At the opening of our three hour meditation on the cross service on Good Friday, three ministers wearing black cassocks prostrated themselves flat on the chancel floor in front of the Lord’s table for about two minutes. The first time I experienced this ritual I found myself deeply moved, nearly crying. I had been a practicing Christian for many years, but this was new to me. One temptation for me was to google what this meant, but another part of me prevailed: to allow myself to somehow participate in this profound moment and its mystery.
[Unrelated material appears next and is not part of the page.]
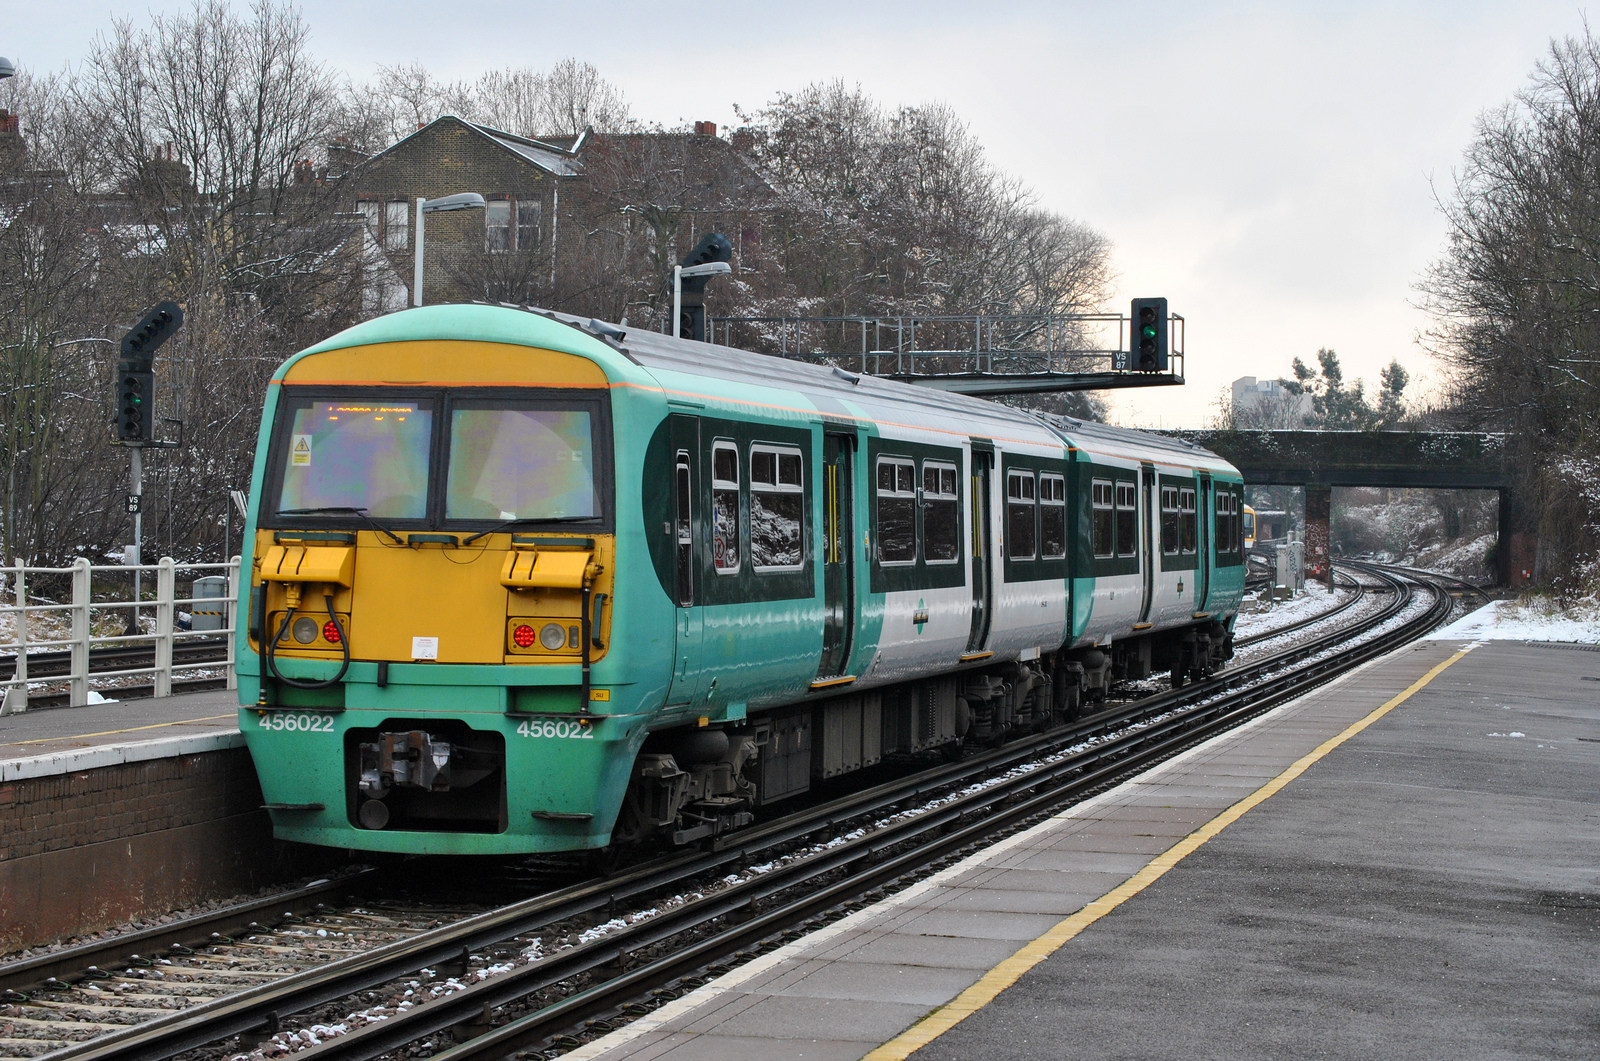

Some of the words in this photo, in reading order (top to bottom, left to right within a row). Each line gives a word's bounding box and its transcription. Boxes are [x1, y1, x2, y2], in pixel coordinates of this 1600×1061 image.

[1115, 352, 1126, 360] VS
[1115, 361, 1126, 369] 87
[259, 714, 335, 732] 456022
[516, 720, 594, 739] 456022
It helps me to stay with the idea that I will never fully grasp the meaning of the crucifixion, but rather I just need to sit in the mystery of the intermingled love and pain and respond.
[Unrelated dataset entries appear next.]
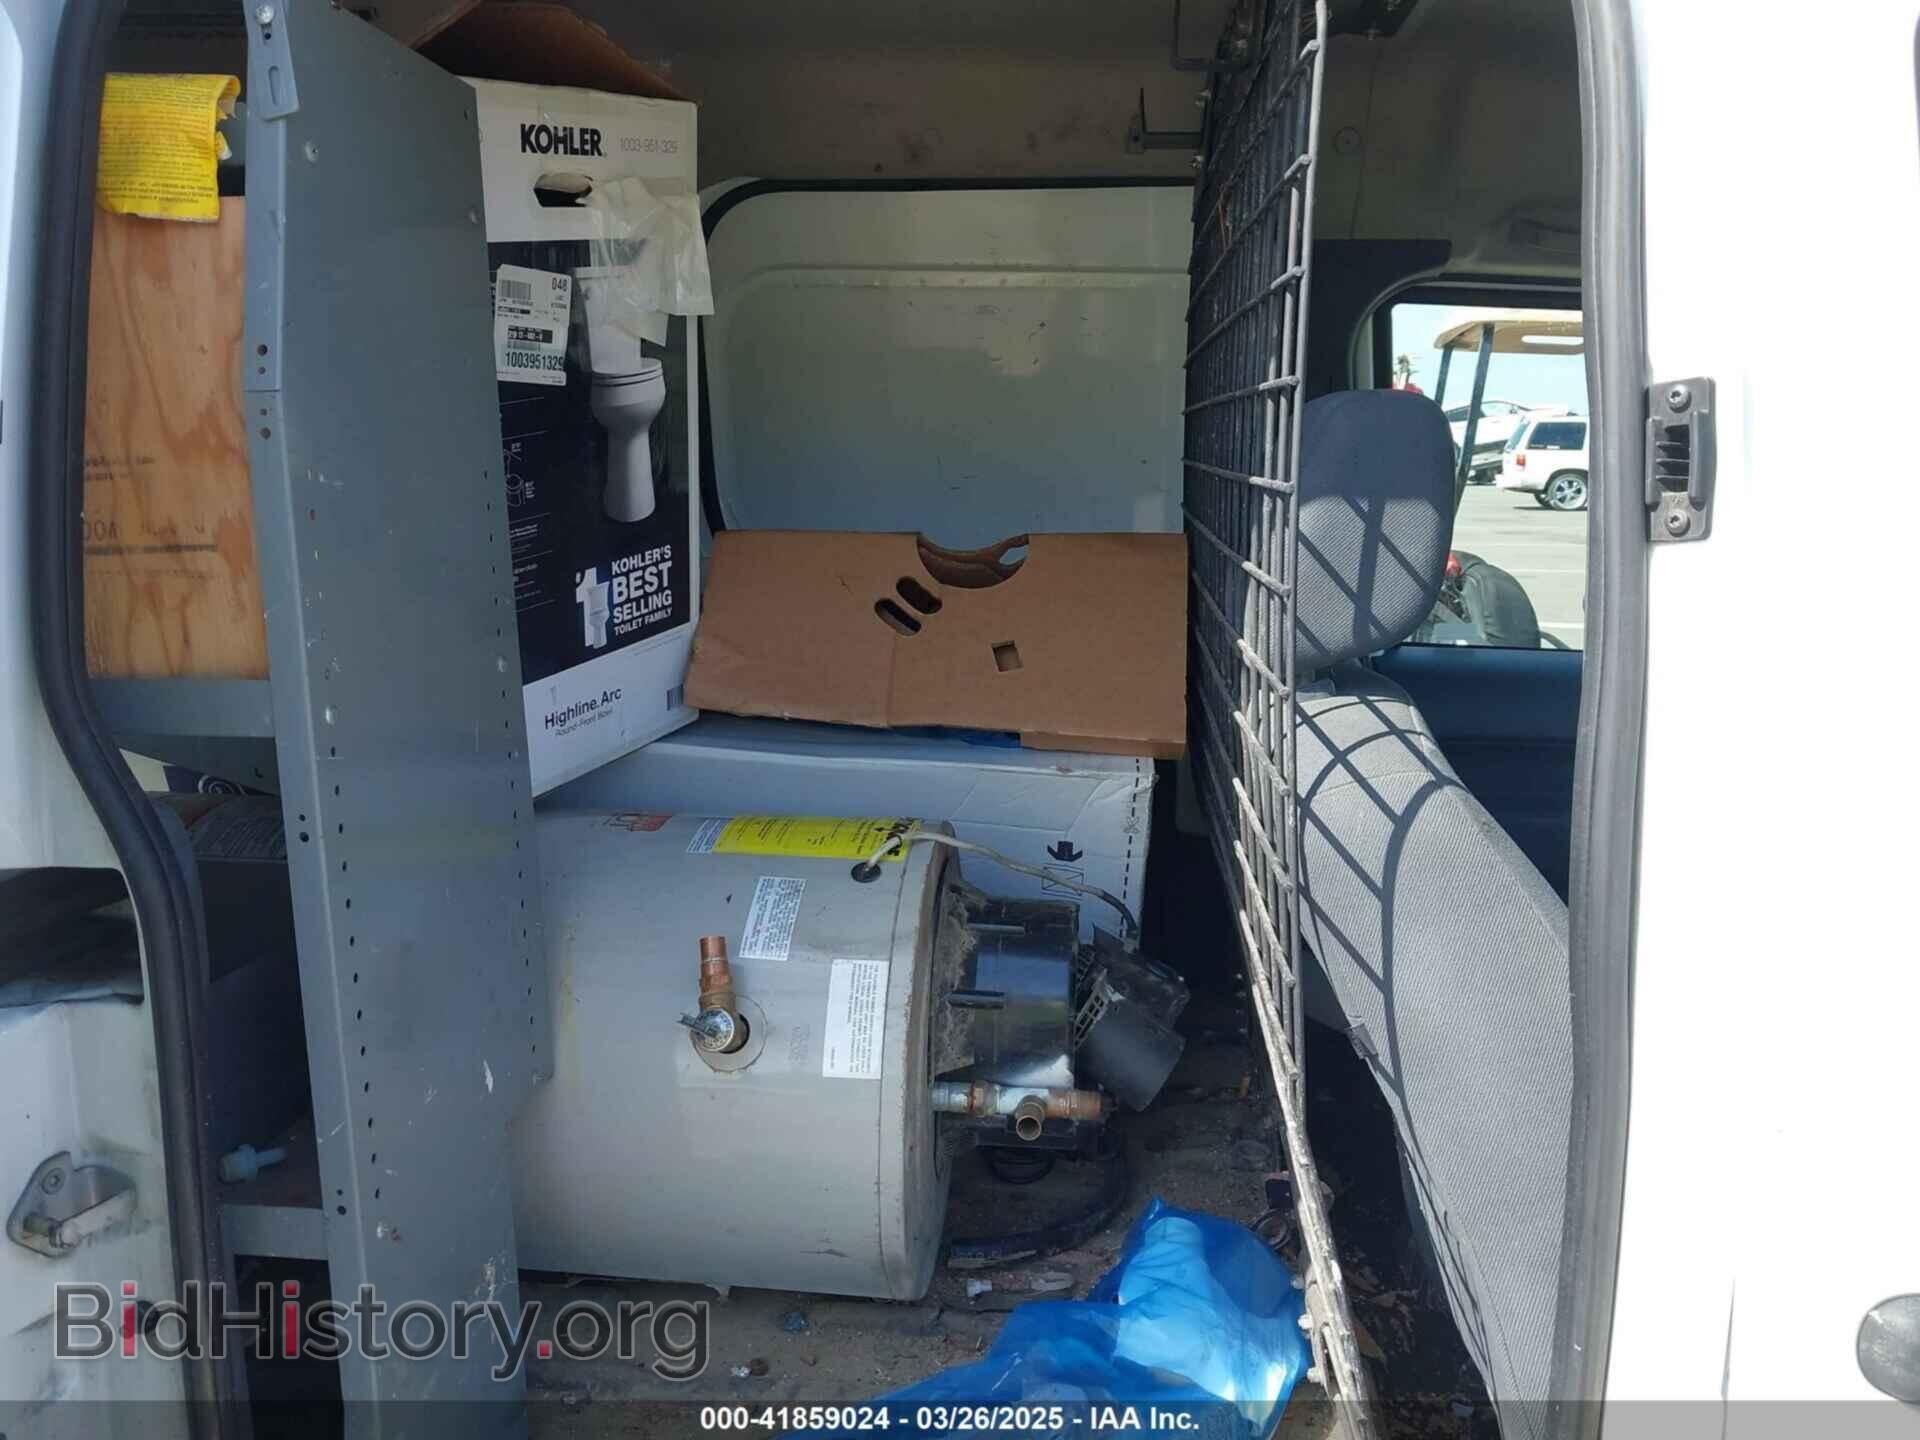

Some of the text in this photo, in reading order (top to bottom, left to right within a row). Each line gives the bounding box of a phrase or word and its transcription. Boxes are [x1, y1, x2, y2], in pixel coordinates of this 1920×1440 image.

[520, 123, 603, 157] KOHLER
[611, 544, 672, 576] KOHLER'S
[612, 560, 673, 605] BEST
[613, 589, 673, 624] SELLING
[614, 607, 672, 636] TOILET FAMILY
[600, 688, 622, 706] Arc
Holy Thursday changed radically for me in recent times, reframing the ritual that puzzled me the most… the washing of feet. I was considering wine as Eucharist, and what it held in common with bread… fermentation, a seemingly divine transformation at the time I’m sure. That brought me to reading about an excavation in Jerusalem of an ancient winemaking site that likely produced wine for the temple. What gave it away as producing sacred wine? The chamber for the ritual washing of feet before the grapes were pressed underfoot. I thought “what”?
That wasn’t the end. I read a bit more on the process. The experts believe the grape must, as it poured from vat, was strained through a tangle of branches, most often thorns. When the sweet must was put into jars, it was placed in a dark chamber to ferment, to transform into wine for, you guessed it, about three days.
The passion and resurrection were in the symbolic language of holy winemaking, foreshadowed by the first miracle at Cana, Moses’ planting of vines, the vineyard in Isaiah, the language of the Greek and Roman mystery cults of Dionysius and Bacchus.
These were symbols of divine transformation writ large for Jew, Greek and Roman alike. All were invited to the wedding feast where the resurrected Christ was himself, the good wine that was served to the guests.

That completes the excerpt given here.